(1.) This Second Appeal is in a suit by the respondents and by their deceased father, the first plaintiff, for damages suffered by them by way of costs decreed, in defending the litigation O. S.13 of 1956. They had executed a mortgage for five properties for Rs. 9000 in the year 1948. On the 10th September, 1955, they sold two of the properties to the defendant appellant by Ext. B1 for Rs. 4300/-, reserving Rs. 4000/- with her, to be paid to the mortgagee out of Rs. 6235 due under the mortgage. It is the case of the appellant, that the mortgagee did not accept such partial payment of Rs. 4000. The appellant then caused two notices, Exs. B-3 and B-5, both dated the 2nd December, 1955, to be issued to the vendor and to the mortgagee respectively. By Ex. B-3, the appellant called upon the venders, either to discharge the mortgage themselves or to pay the balance of the amount to the appellant and by Ex. B-5, the appellant intimated the mortgagee, that the amount of Rs. 4000 was available for immediate payment and that therefore she is no more liable for interest. The mortgagee did not reply to Ex. B-5, which, as seen from the endorsement of the postman made on it, was refused, but Ex. B-4 the reply dated the 13th December, 1955, to Ex. B-3 stated, that the vendors were not liable to pay the amount in lump because of the provisions of Madras Act 1 of 1955, and that the appellant may therefore proceed to deposit in court the amount left with her. Act 1 of 1955 had come into force on the Ist March 1955, that is before Ex. B-l. O.S. 13 of 1955 was commenced by the mortgagee on the 20th February, 1956, for the realisation of the mortgage amount in full, impleading the vendors as defendants 1 to 3 and the appellant as the 6th defendant. The appellant is seen to have deposited about Rs. 4000 in that court on the 9th July, 1956. In that suit, the vendors claimed the benefits of Act 1 of 1955 and a decree was passed, conferring on them such benefits with respect to the balance that remained payable; costs of the suit were also decreed against the vendors and the appellant, but their liability inter se was left open. It is this decree for costs that has occasioned the present suit.

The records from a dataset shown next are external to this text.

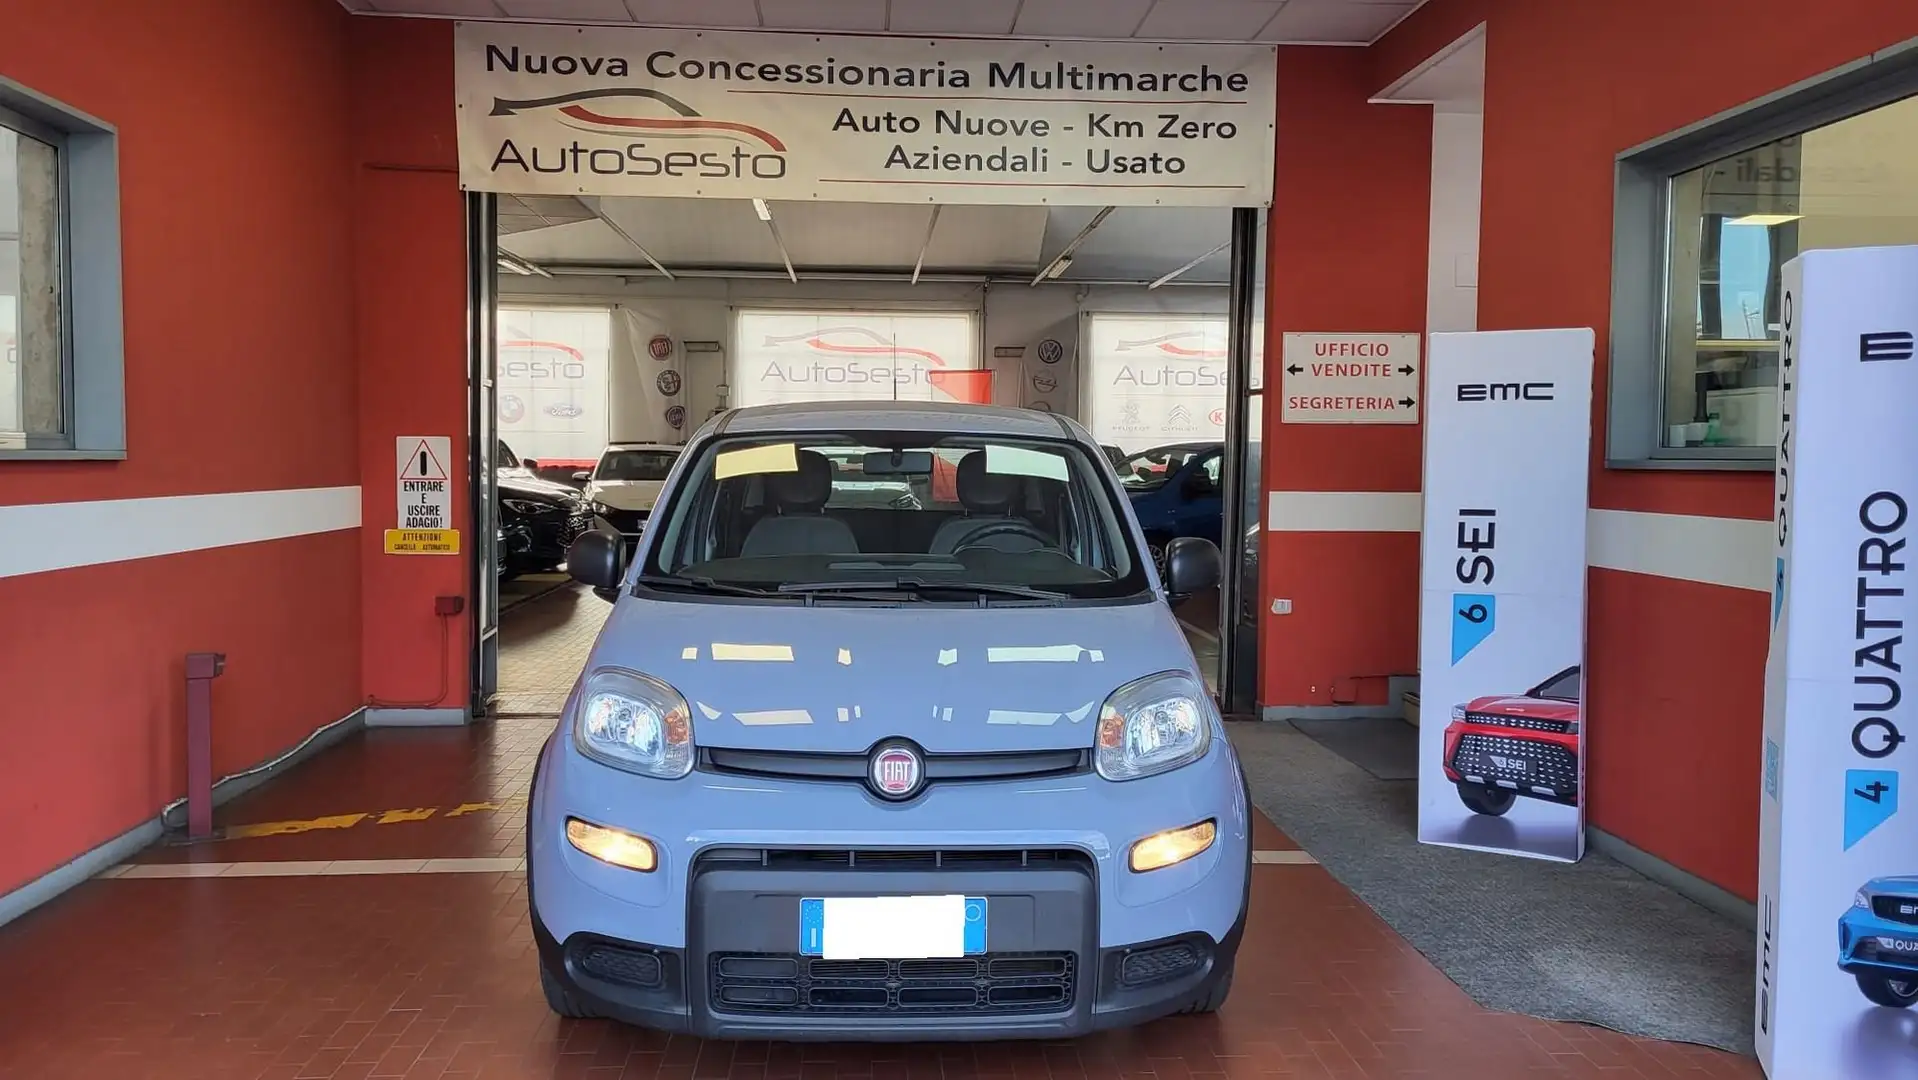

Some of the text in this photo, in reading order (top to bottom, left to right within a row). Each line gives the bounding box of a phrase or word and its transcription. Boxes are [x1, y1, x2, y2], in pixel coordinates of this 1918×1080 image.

[486, 44, 1249, 94] Nuova Concessionaria Multimarche
[832, 107, 920, 134] Auto
[935, 109, 1050, 137] Nuove
[1087, 112, 1144, 138] Km
[1157, 113, 1237, 139] Zero
[491, 138, 786, 179] AutoSesto
[884, 144, 1048, 173] Aziendali
[1087, 148, 1186, 175] Usato
[1315, 343, 1389, 357] UFFICIO
[1311, 363, 1392, 377] VENDITE
[1289, 396, 1395, 410] SEGRETERIA
[1778, 290, 1793, 547] QUATTRO
[403, 481, 444, 492] ENTRARE
[421, 493, 427, 504] E
[408, 505, 441, 516] USCIRE
[405, 517, 443, 529] ADAGIO!
[402, 532, 442, 541] ATTENZIONE
[1456, 508, 1497, 624] 6 SEI
[1851, 491, 1908, 804] 4 QUATTRO
[884, 760, 911, 781] FIAT
[1507, 758, 1527, 771] SEI
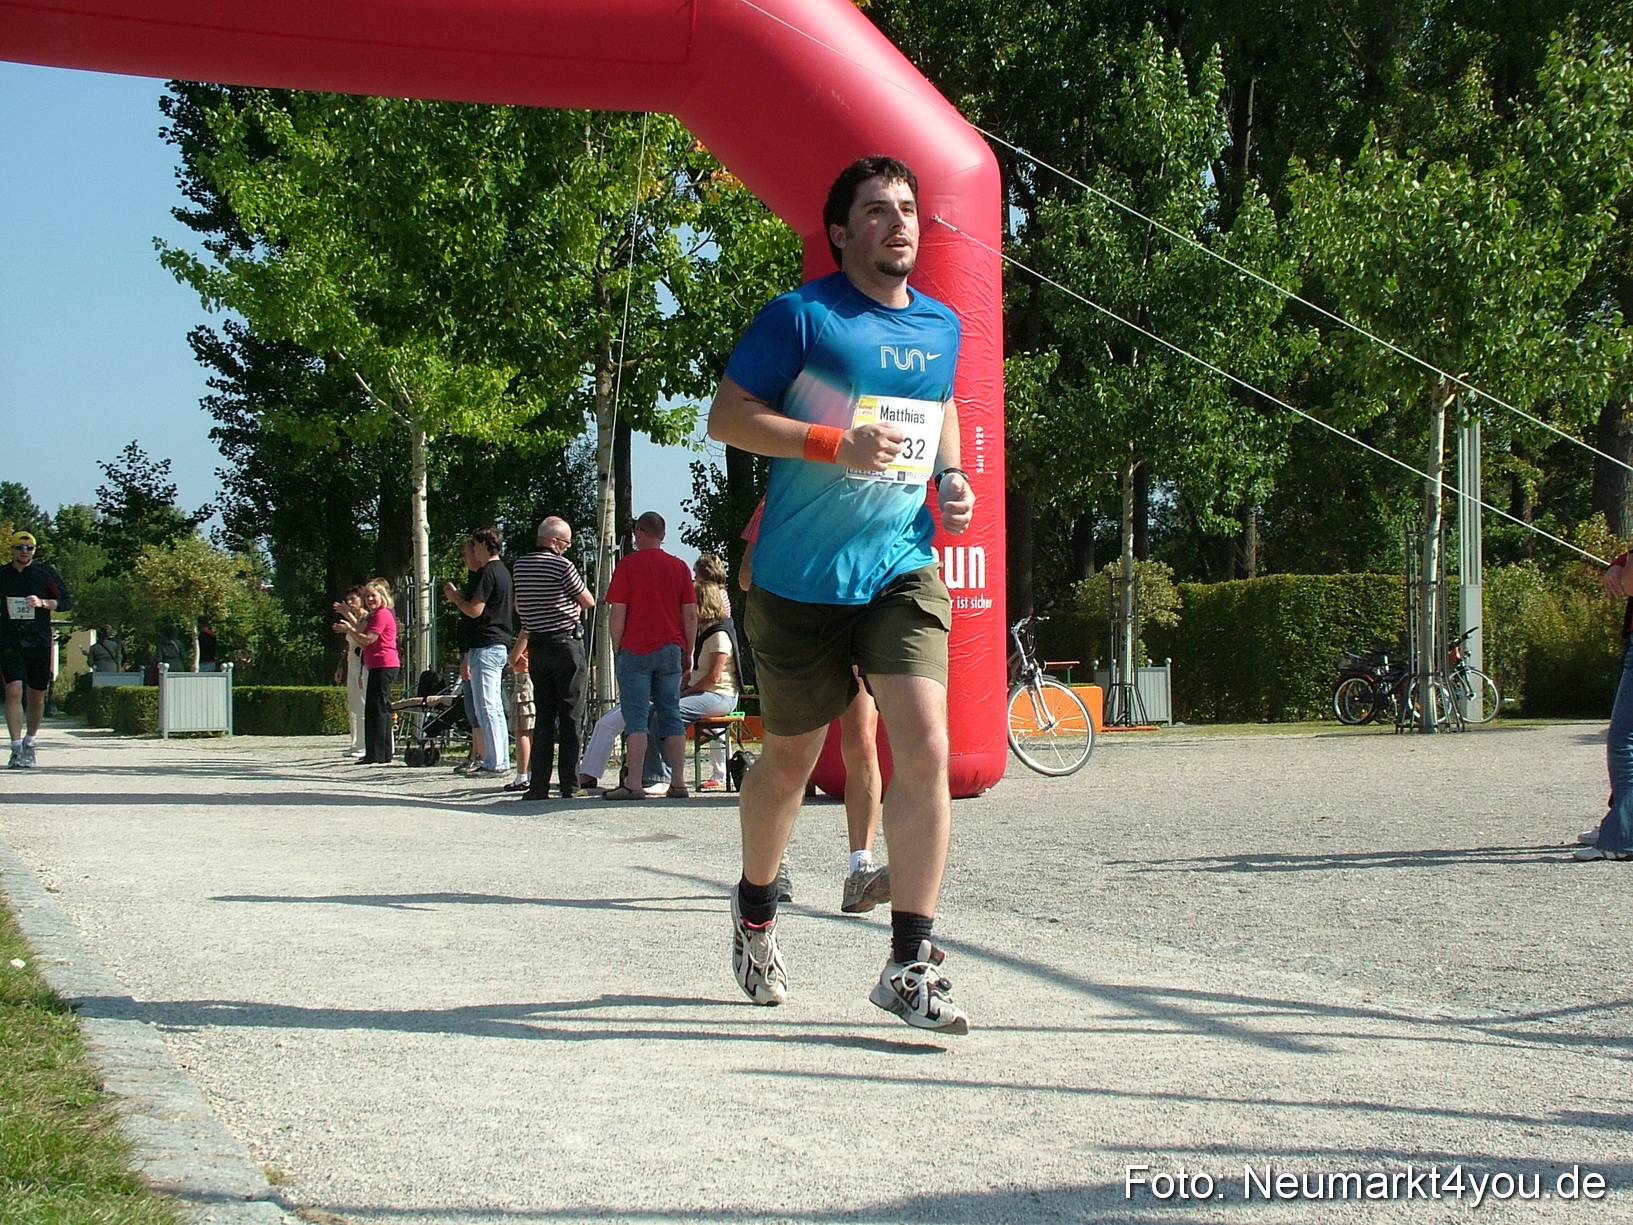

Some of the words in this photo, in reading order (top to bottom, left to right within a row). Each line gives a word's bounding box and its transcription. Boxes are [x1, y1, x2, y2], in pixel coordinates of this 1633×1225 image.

[879, 404, 926, 424] Matthias
[975, 426, 985, 451] 1929
[931, 545, 986, 590] un
[957, 595, 968, 609] ist
[970, 593, 993, 609] sicher
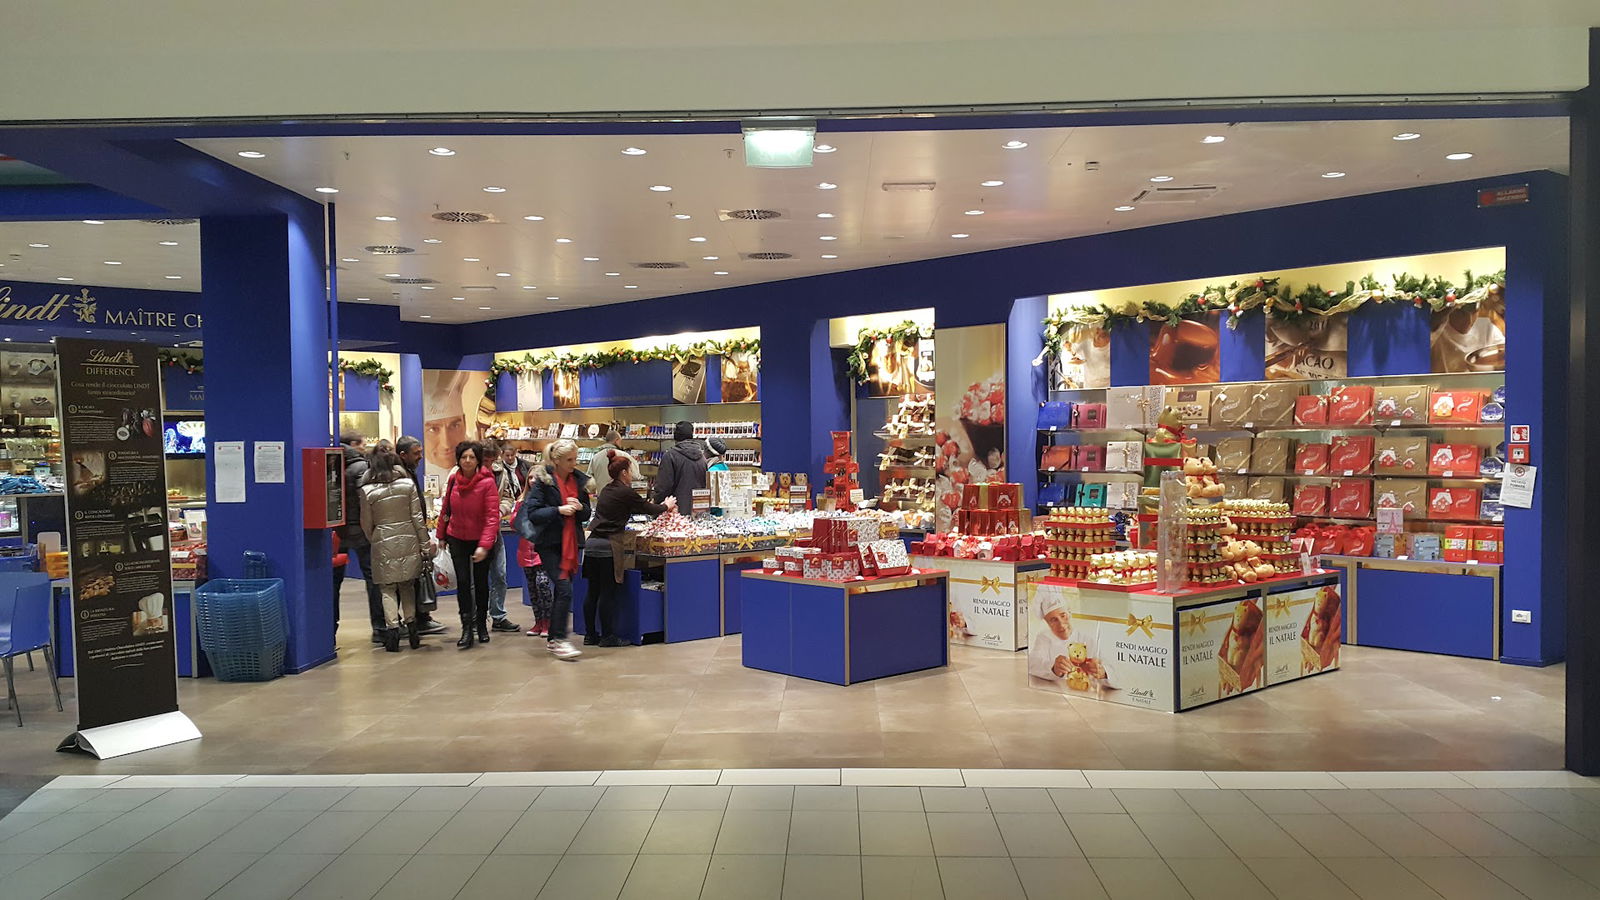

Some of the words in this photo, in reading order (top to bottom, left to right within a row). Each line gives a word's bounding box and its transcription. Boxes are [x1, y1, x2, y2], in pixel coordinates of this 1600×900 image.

(2.) The appellant contended that she had properly tendered the amount reserved to the mortgagee, but that the latter did not accept payment, that contemporaneously with Ex. B-1, the vendors had orally undertaken to obtain a release of the mortgage, by themselves making good the balance of the amount payable, but had failed to perform the undertaking, and that in any event the appellant is not liable. The first court dismissed the suit, but in appeal the District Judge held that the appellant had occasioned the suit by the mortgagee, by her failure to avail herself of the provisions of Madras Act 1 of 1955 and is therefore liable. This decree is assailed by the appellant before us.
(3.) There was a contention before us on behalf of the appellant, that the costs of the litigation by the mortgagee, was not within the contemplation of the parties at the time of the sale to her. Ext. B1 recited, that while the sum of Rs. 6235/- was payable under the mortgage, the appellant was to make payment only of Rs. 4000; this necessarily implied that the balance was to be made good by the vendors. In this view, the sale may be deemed to be free of the mortgage, the vendors themselves raising Rs. 4000 by Ext. B1 and leaving that sum with the appellant, the balance having to be found by them. So long as the mortgagee was not paid in full, the costs of the suit by the mortgagee to enforce the mortgage are, in our opinion, "such as may reasonably be supposed to have been in the contemplation of both the parties at the time they made the contract as the probable result of the breach of it", to quote the rule in Bailey v. Bermadale (See Pollock and Mulla's Contract Act, 8th edition, page 480). We overrule this contention.